Diogo encarava o diminuto visitante que moraria em sua casa. Perguntava a si mesmo se seu mestre precisaria de alguém como aquele demônio para as funções que ele havia narrado. Baphomet era poderoso e sábio, talvez o utilizasse como um informante especializado, assim como fazia com Dolores.

—Você sabe das coisas. – disse Diogo, que arrastou uma cadeira e se sentou. – Preciso explicar alguma coisa sobre a casa?

—Não. – respondeu Pedro sem olhar para Diogo.

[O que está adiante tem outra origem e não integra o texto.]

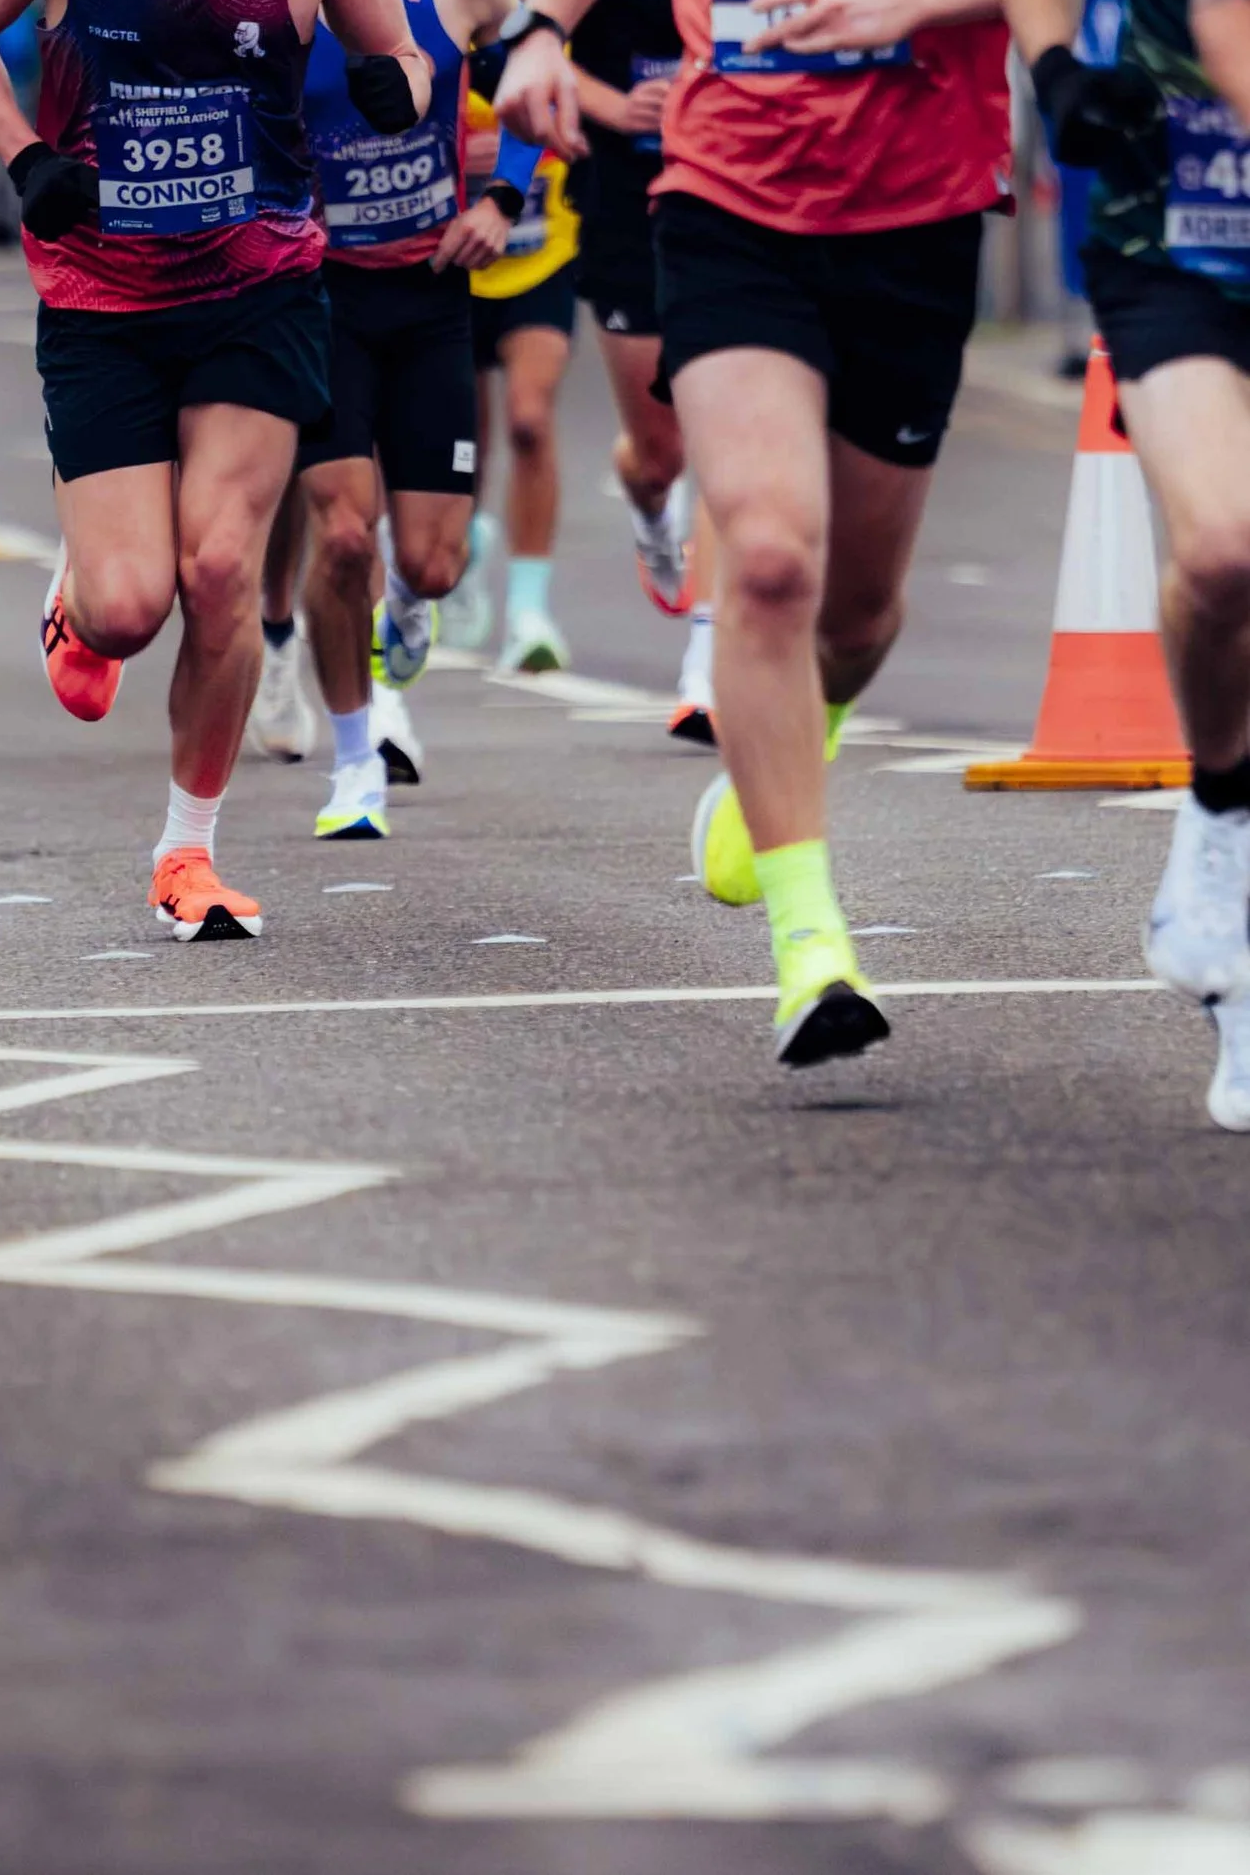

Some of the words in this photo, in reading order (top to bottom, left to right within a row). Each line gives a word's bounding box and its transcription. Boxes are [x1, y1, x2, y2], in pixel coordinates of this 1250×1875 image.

[88, 25, 141, 42] FRACTEL
[135, 105, 188, 118] SHEFFIELD
[135, 116, 162, 128] HALF
[164, 109, 229, 126] MARATHON
[122, 133, 226, 173] 3958
[116, 175, 237, 206] CONNOR
[345, 154, 435, 198] 2809
[352, 188, 433, 224] JOSEPH

Estava ocupado esvaziando sua mala com as mais diversas quinquilharias. Lunetas, mapas, bússolas....

Conforme Pedro terminava de se alocar pela casa, Diogo pensava na importância de manter aquele imóvel em particular. Haviam os livros, obviamente, mas no fim, era apenas mais uma casa em Lisboa. Os livros trazidos pelo homem eram, em sua maioria, escritos em latim. E um deles em particular contractus daemonia chamou a atenção.

Diogo se aproximou do livro, mas evitou pôr as mãos, pois sabia como certos indivíduos tendiam a ser agressivos com suas posses. O problema de Dolores voltou a latejar na cabeça e naquele livro parecia haver a solução.

—Esse livro trata dos acordos de permanência de demônios na Terra, Pedro? – disse Diogo com o olhar fixo no livro e indicando o mesmo com um dos dedos.

—Talvez.... – respondeu Pedro erguendo uma das sobrancelhas e parando sua arrumação. – Qual seu interesse no assunto?

—Uma pessoa que gosto muito pode precisar deste conhecimento dentro em breve.

—Isso é ridículo. – retrucou Pedro com uma gargalhada. – Não aprendeu isso ainda? Demônios não gostam de ninguém. Temos interesses em comum.

Pedro retirou o livro do alcance de Diogo e o guardou de volta em seu baú, trancando o mesmo a sete chaves.

Diogo resolveu deixar o livro para lá, afinal não conseguiria convencer aquele demônio tão velho a ajudar Dolores. O melhor a fazer seria ficar atento e preparado para eventuais ataques de inimigos remanescentes.